◆ What to do ◆
Extract the records below word for word and ignore the images.

◆ Entries supplied ◆
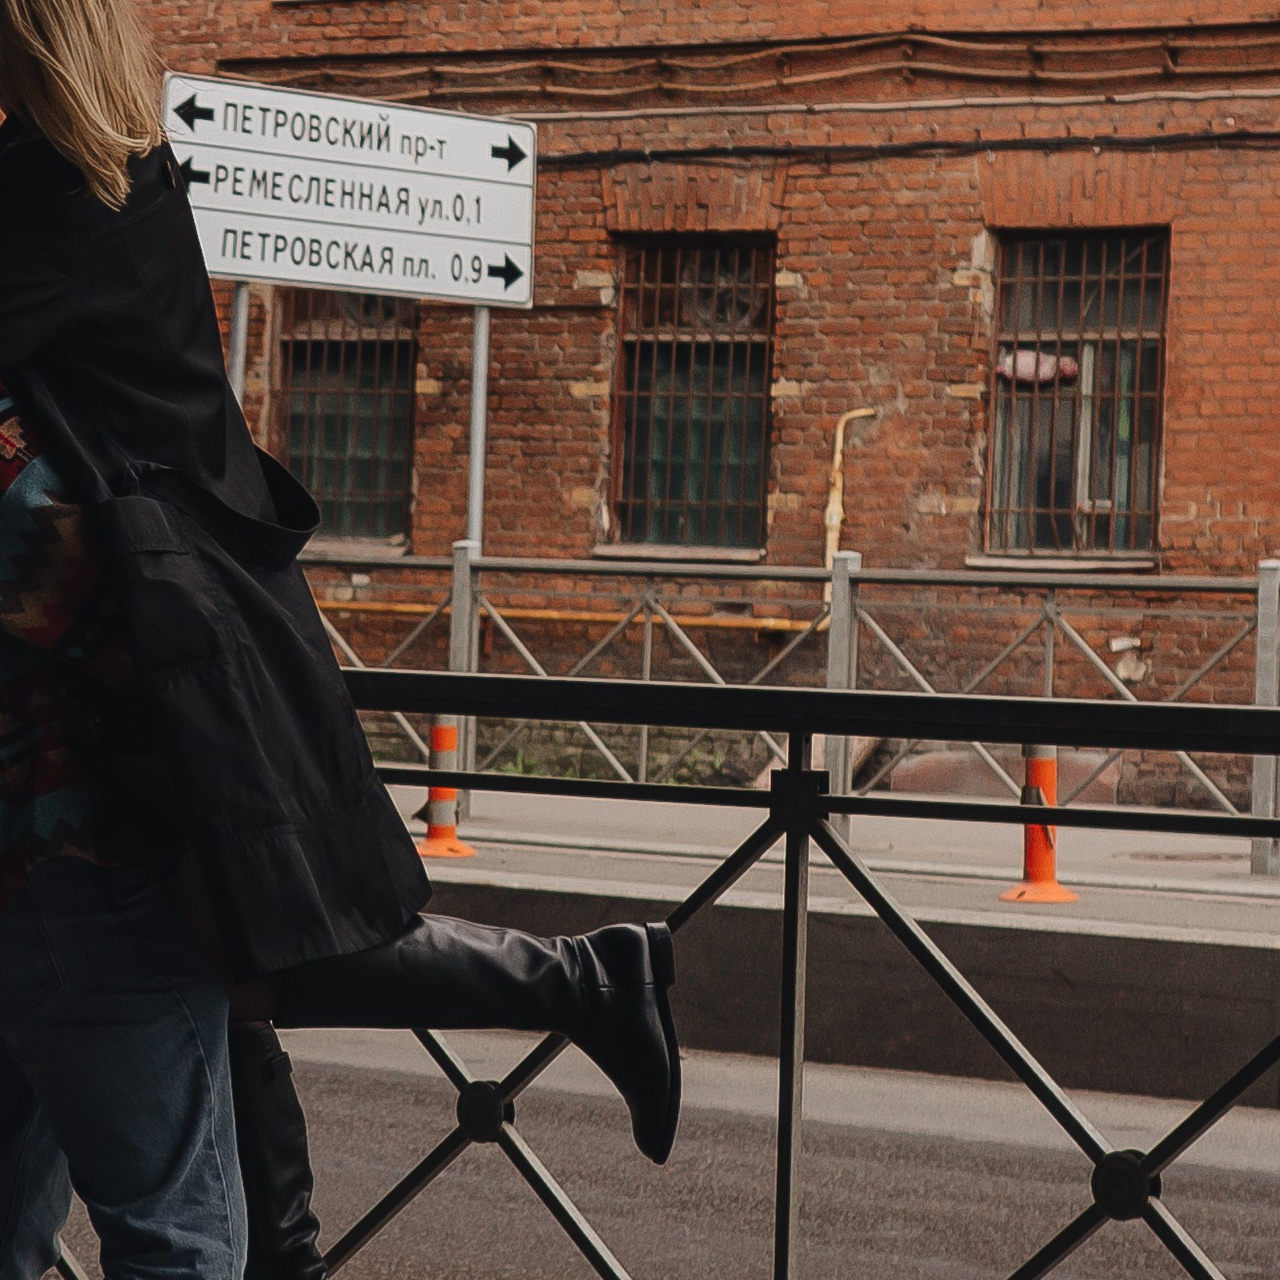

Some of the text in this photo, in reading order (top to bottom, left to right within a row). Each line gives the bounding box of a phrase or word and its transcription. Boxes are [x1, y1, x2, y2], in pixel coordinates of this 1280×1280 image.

[223, 102, 447, 164] ПЕТРОВСКИЙ пр-т
[213, 163, 410, 216] РЕМЕСЛЕННАЯ
[221, 228, 394, 275] ПЕТРОВСКАЯ
[402, 256, 436, 280] пл.
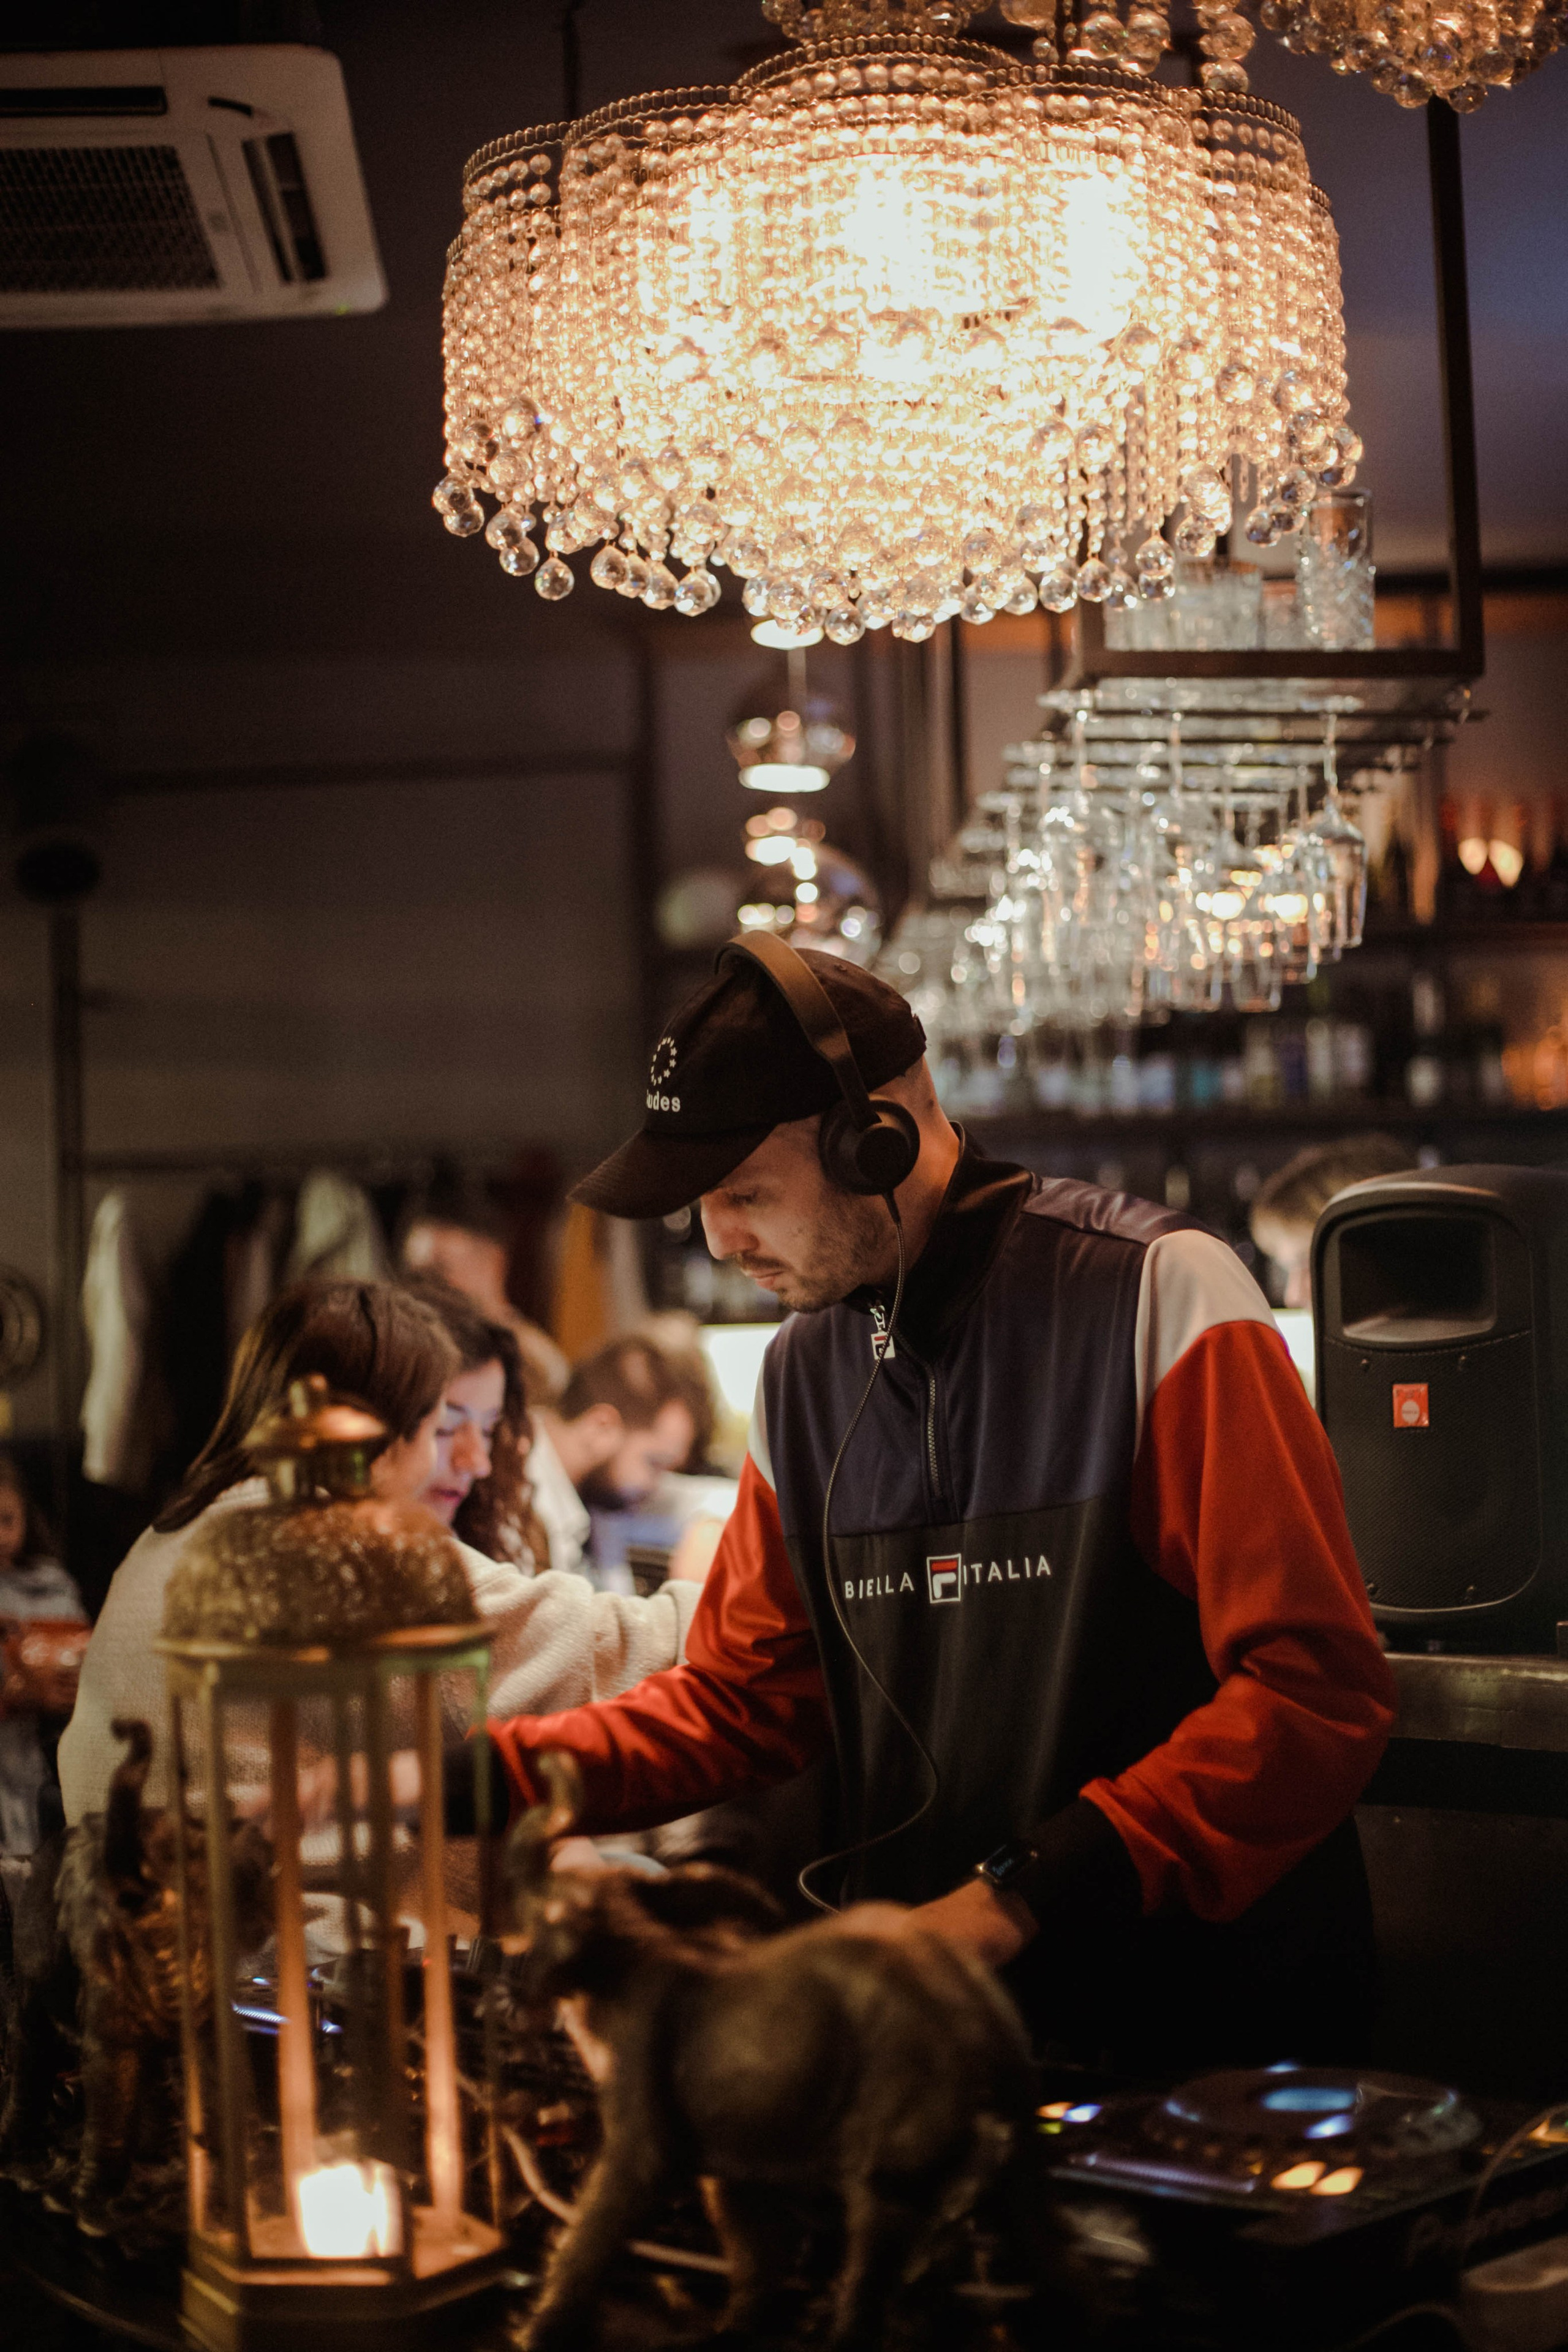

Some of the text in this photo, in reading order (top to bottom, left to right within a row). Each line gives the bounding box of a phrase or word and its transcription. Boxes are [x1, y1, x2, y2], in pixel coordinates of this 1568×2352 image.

[646, 1089, 680, 1112] udes
[845, 1572, 914, 1599] BIELLA
[963, 1555, 1052, 1585] ITALIA

◆ Your solution ◆
Some of the text in this photo, in reading order (top to bottom, left to right within a row). Each line gives the bounding box of a phrase or word and its transcription. Boxes are [x1, y1, x2, y2], in pixel coordinates of this 1280×1280 image.

[223, 102, 447, 164] ПЕТРОВСКИЙ пр-т
[213, 163, 410, 216] РЕМЕСЛЕННАЯ
[221, 228, 394, 275] ПЕТРОВСКАЯ
[402, 256, 436, 280] пл.

Some of the text in this photo, in reading order (top to bottom, left to right within a row). Each line gives the bounding box of a phrase or word and its transcription. Boxes are [x1, y1, x2, y2], in pixel coordinates of this 1568×2352 image.

[646, 1089, 680, 1112] udes
[845, 1572, 914, 1599] BIELLA
[963, 1555, 1052, 1585] ITALIA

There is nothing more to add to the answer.